Un gruppo di lavoro per analizzare la situazione e affrontare con la città l’uscita dalla crisi attraverso proposte di ripartenza, da concretizzare entro l’anno. È questo lo scopo del “Progetto Carpi”, presentato nei giorni scorsi dalla giunta comunale.

“Uno studio che rappresenta una cornice nella quale inserire le azioni per il distretto, che attraversa una situazione pesantissima: basti pensare che dal 2008 ad oggi il peso del tessile abbigliamento sull’export modenese si è praticamente dimezzato, passando dal 9,4% al 5,1% – commenta il segretario di CNA Modena, Alberto Papotti – Un’analisi importante, soprattutto se saprà integrare anche le azioni verso le piccole imprese. In questo si inserisce senz’altro il rilancio di ‘Carpi Fashion System’, la cui attività passa attraverso il coinvolgimento di attori importanti del territorio quali sono Democenter per l’innovazione, FormModena per la formazione e la promozione, poi la Camera di Commercio e la Fondazione Cassa di Risparmio di Carpi, che riveste un ruolo importantissimo. Ma crediamo che sia decisivo che la regia e il coordinamento delle azioni siano in capo all’Amministrazione comunale di Carpi”.

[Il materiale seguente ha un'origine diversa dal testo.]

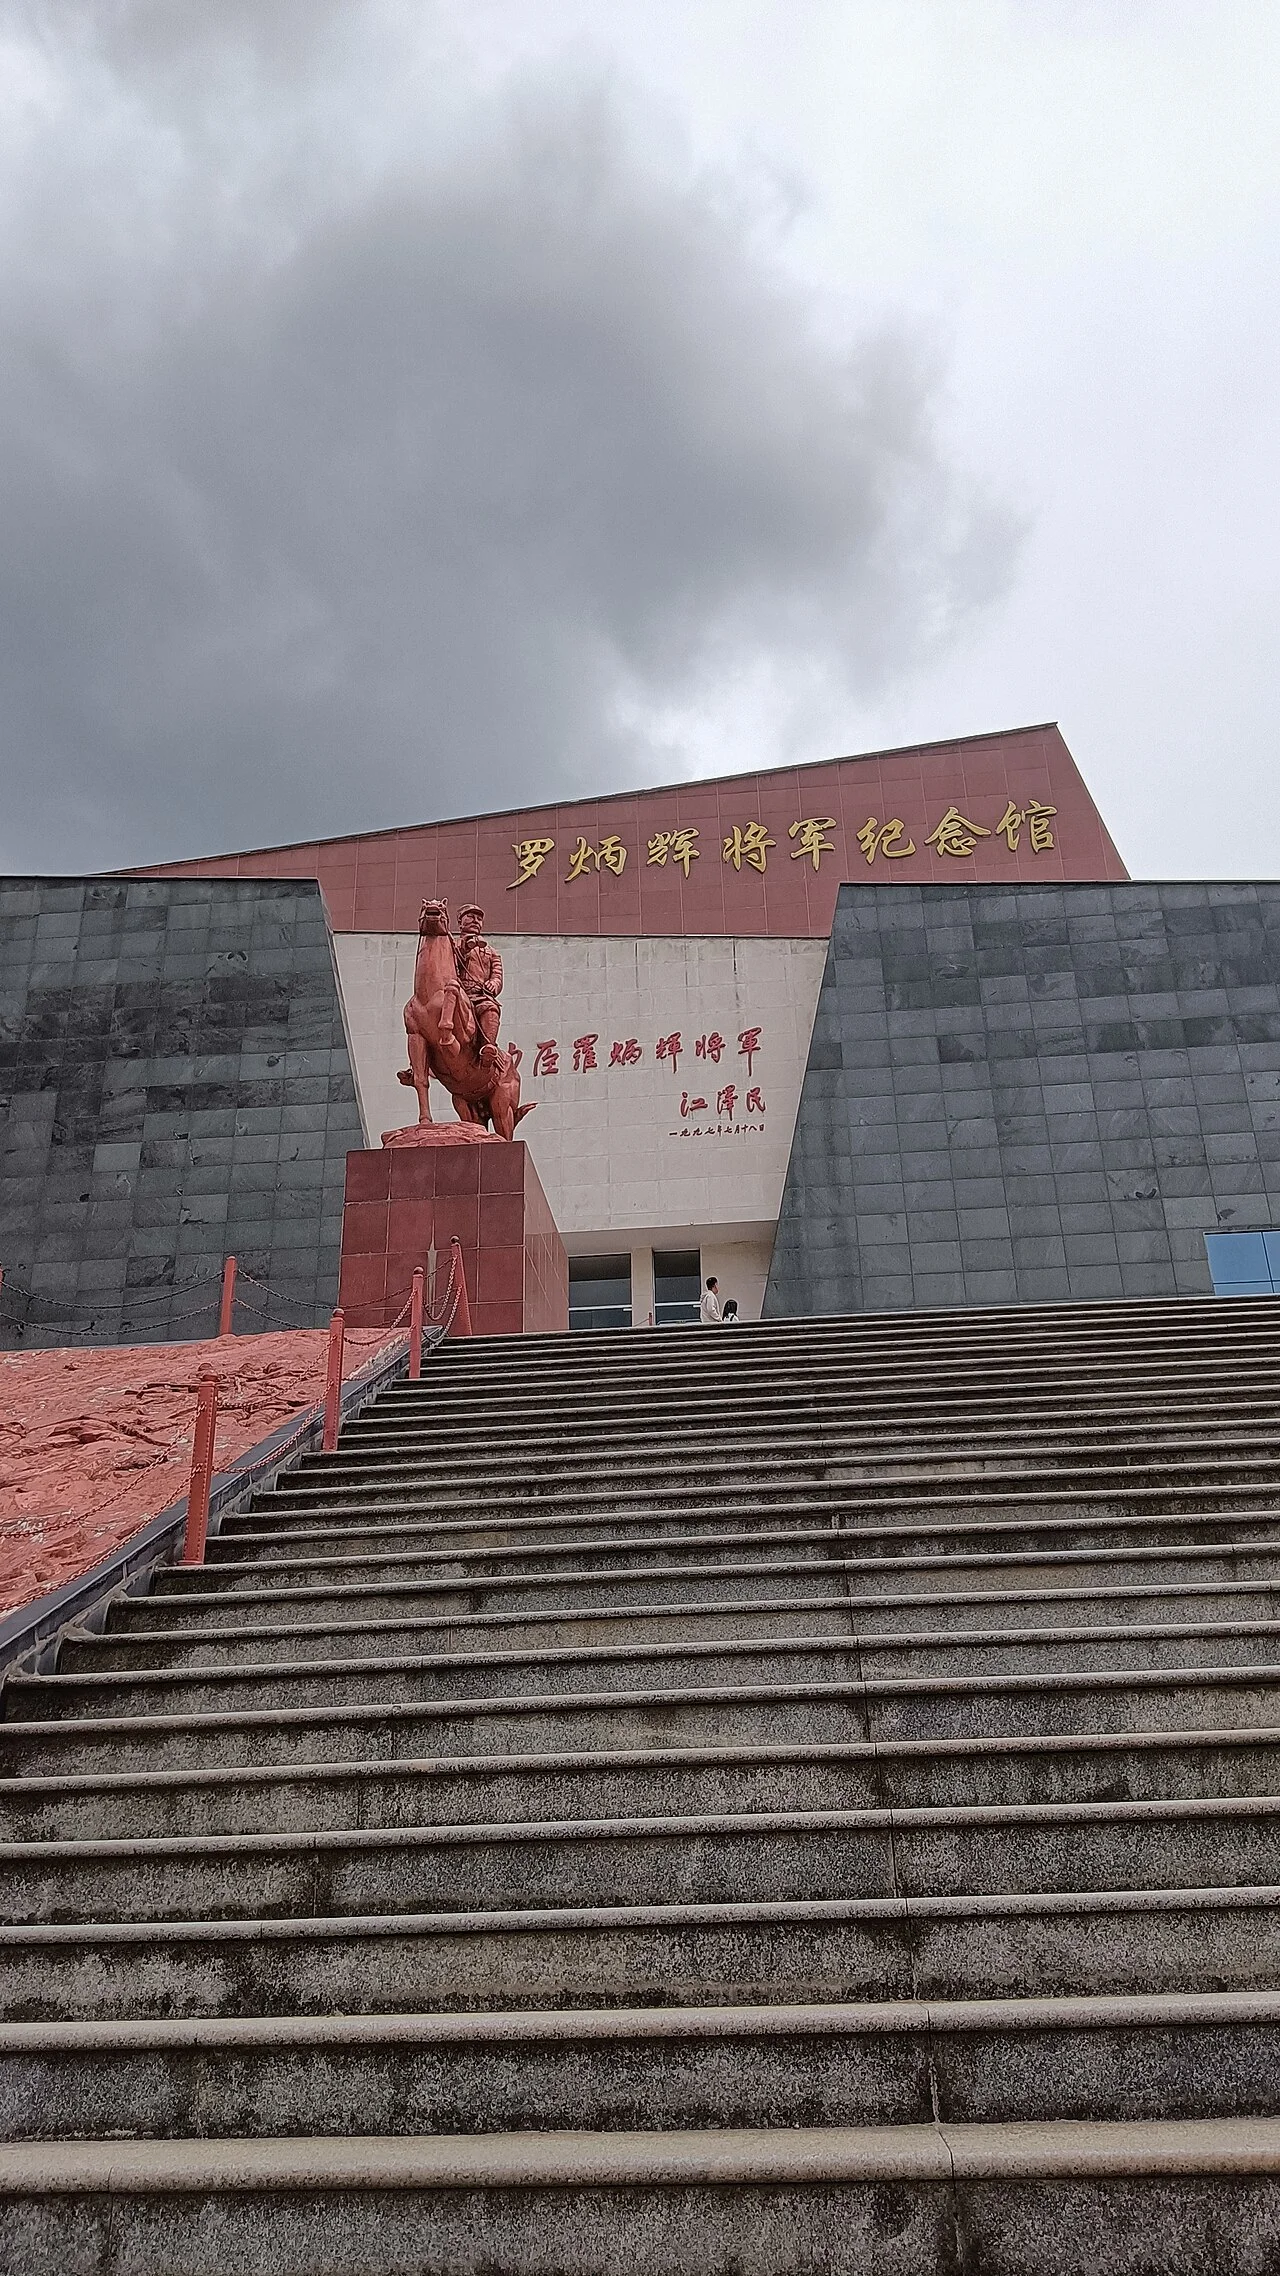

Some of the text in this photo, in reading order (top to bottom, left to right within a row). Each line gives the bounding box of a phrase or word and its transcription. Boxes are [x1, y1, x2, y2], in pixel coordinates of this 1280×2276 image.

[506, 800, 1057, 889] 罗炳辉将军纪念馆
[669, 1124, 765, 1137] 一九九七年七月十八日

“La peculiarità dello studio è quella di aver allargato l’analisi ad esperti esterni come il professor Mosconi, e avere un quadro della situazione oggettivo – prosegue Papotti – Ma queste peculiarità saranno sfruttate appieno solo se si saprà declinarle anche rispetto alla realtà delle piccole imprese, che rappresentano ancora la maggioranza delle aziende del distretto. Un distretto che sta perdendo pezzi grandi e piccoli in misura sempre più importante: solo nel 2020 sono state ottanta le realtà che hanno chiuso definitivamente i battenti. Peraltro, occorre tenere presente che l’economia locale, oggi più che in passato, non è solo tessile”.

Secondo l’Associazione, quindi, il Progetto è un punto di partenza per arrivare a soluzioni concrete. Un esempio è rappresentato dalla necessità di individuare supporti strutturati al bisogno di visibilità e promozione su misura della realtà provinciale. Un passo avanti in questa direzione può essere il rilancio di ‘Moda Makers’, sia digitale che in presenza ottenibile con adeguati supporti come quelli che può garantire Modena Fiere.

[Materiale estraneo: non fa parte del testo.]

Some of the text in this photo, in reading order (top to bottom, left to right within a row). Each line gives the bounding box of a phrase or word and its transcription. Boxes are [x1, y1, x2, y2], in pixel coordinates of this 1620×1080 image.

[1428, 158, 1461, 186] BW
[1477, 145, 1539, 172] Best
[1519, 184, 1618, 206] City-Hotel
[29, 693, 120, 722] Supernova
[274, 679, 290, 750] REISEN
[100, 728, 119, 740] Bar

“Se questo è l’obiettivo che si prefigge il Progetto e se questo prevede una ancora più forte condivisione con tutti i soggetti del distretto nella elaborazione delle proposte operative, allora la sua valutazione non può che essere positiva – conclude Papotti – Siamo convinti che il sindaco Bellelli e l’assessore Gasparini sapranno valorizzare in questo senso lo studio, come hanno già dimostrato in passato”.